The devices are extremely small, close to the footprint of a quarter, with outputs in both an analog and digital environment. Communication is through a standard serial cable or custom cable link to a microprocessor. Software deciphers the output and displays the corresponding measurement in degrees for the movement pattern. Furthermore the software has the capability to cross compare impairment guidelines and coefficient of variation between multiple trials.

The device can be used by itself for extremity range of motion or in combination with a secondary identical device to segment out portions of the spine to calculate range of motion. The device has the capability to continually monitor range of motion parameters over an extended timeframe if required for clinical or industrial applications.

The device is manufactured as a two part printed circuit board in a plastic package with a thumb grip on top to allow for body positioning. The unit is sealed and has a Velcro bottom to marry to Velcro strapping material during body positioning.

Claims

1. I, Raoul Gagne, claim that this new device will be the first to provide accurate range of motion measurements for both extremity and total spine in both x and y axis's simultaneously.

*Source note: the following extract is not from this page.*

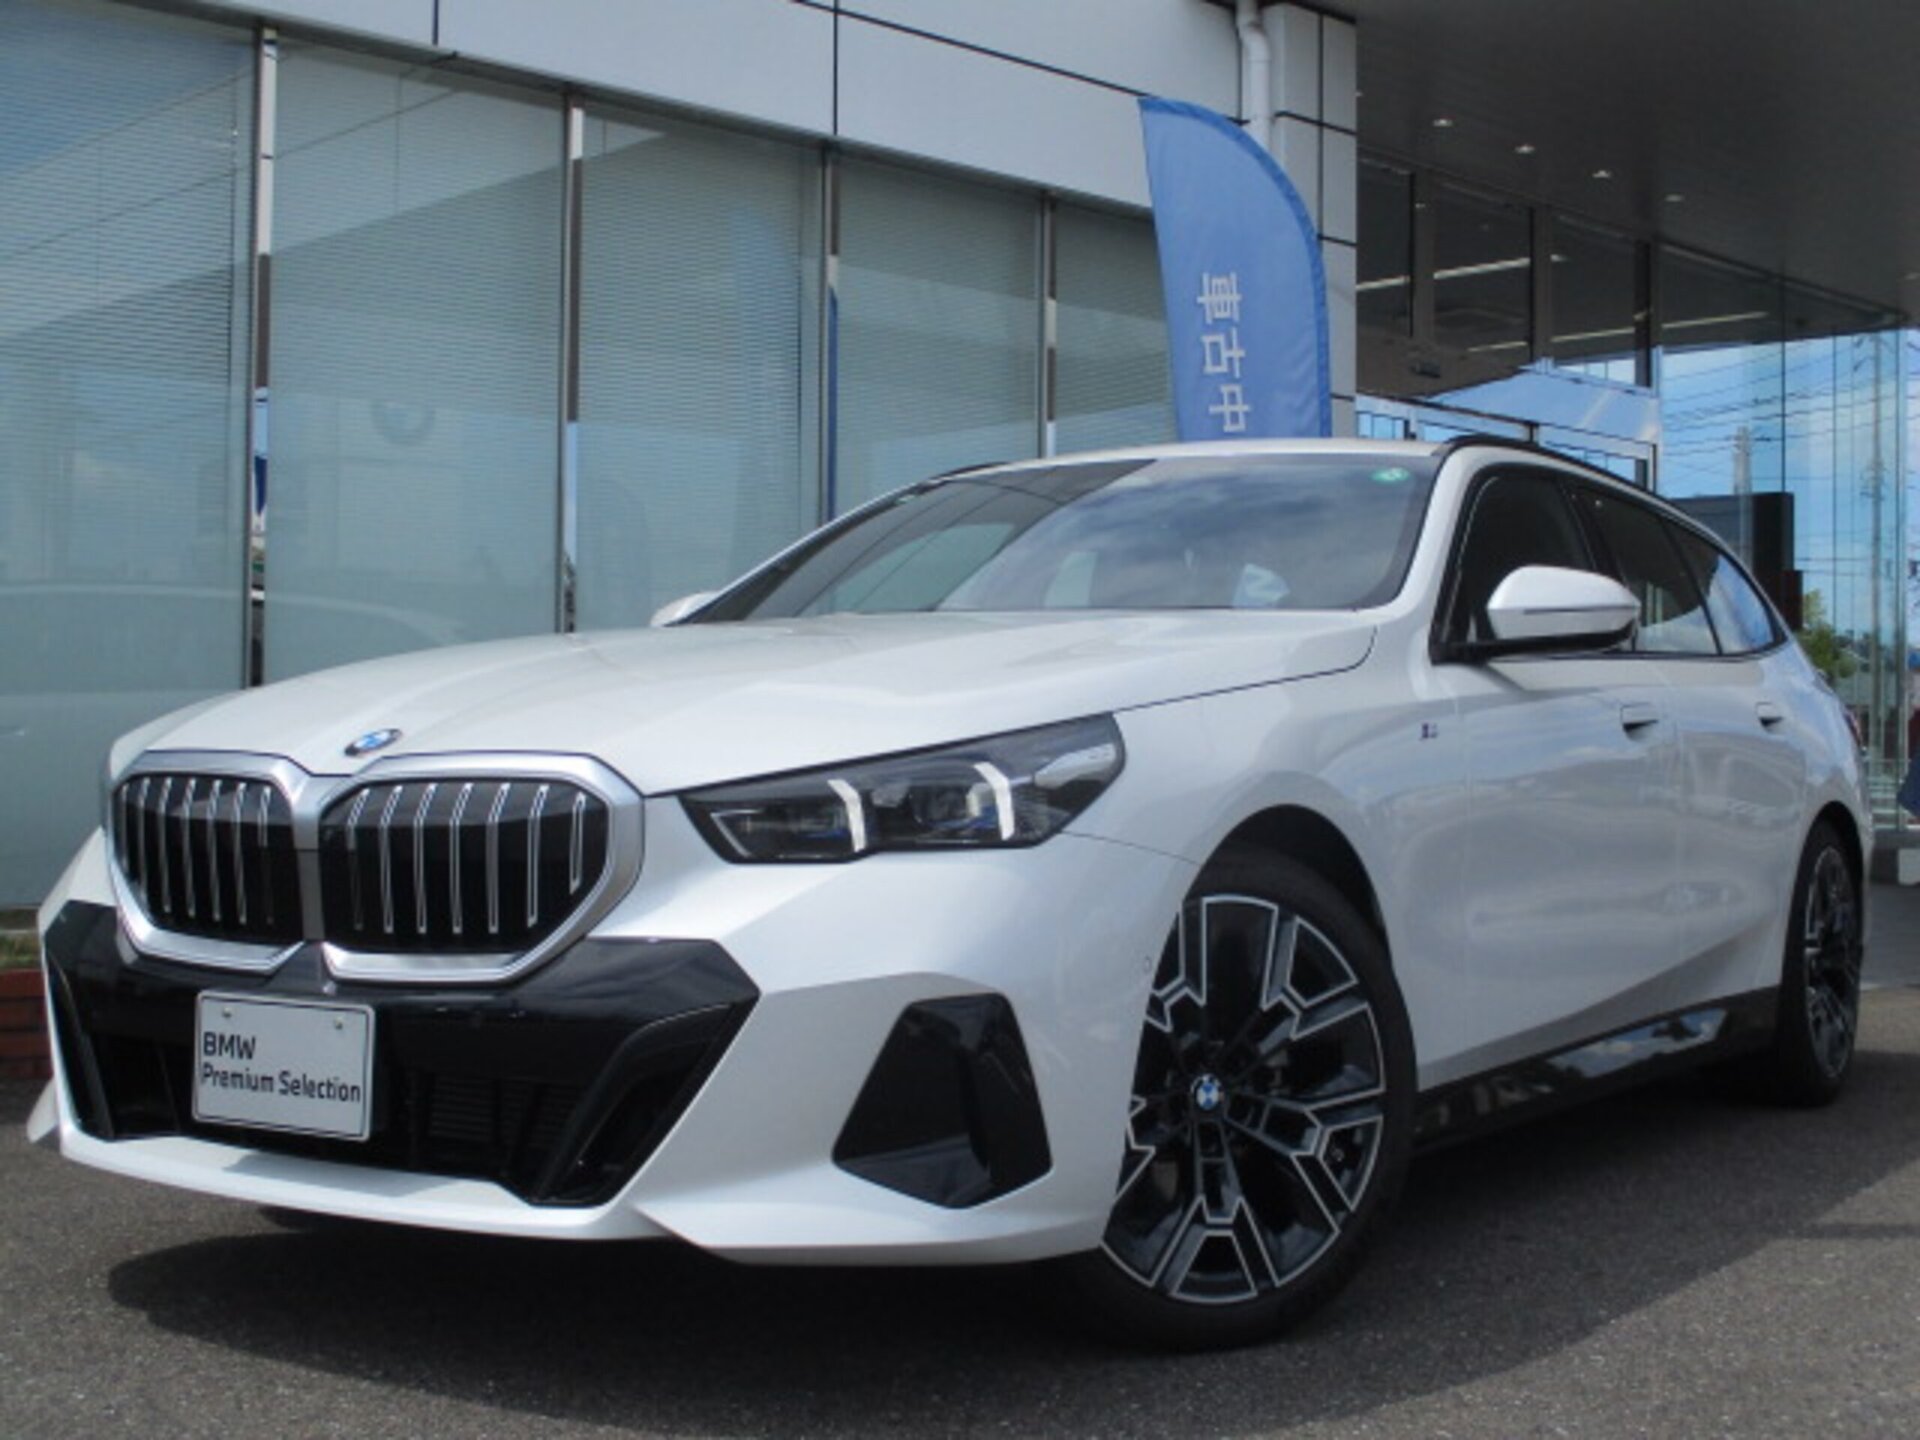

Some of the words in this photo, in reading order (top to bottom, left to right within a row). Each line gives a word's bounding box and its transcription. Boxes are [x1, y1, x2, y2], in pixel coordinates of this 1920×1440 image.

[203, 1031, 256, 1060] BMW
[202, 1061, 275, 1093] Premium
[278, 1070, 361, 1103] Selection

2. Further to claim (I), I claim that this device provides increased ease of use to the clinician through less patient set up and increasing accuracy due to single step body positioning of the device(s) for both flexion and extension and lateral left and right movements.

3. Further to claim (I) and (II), this device is smaller and easier to place on the body than any other previously marketed device for the application of range of motion testing thus providing less time in setup due to no required strapping and eliminating interference between old devices such as inclinometers during back extension measurements.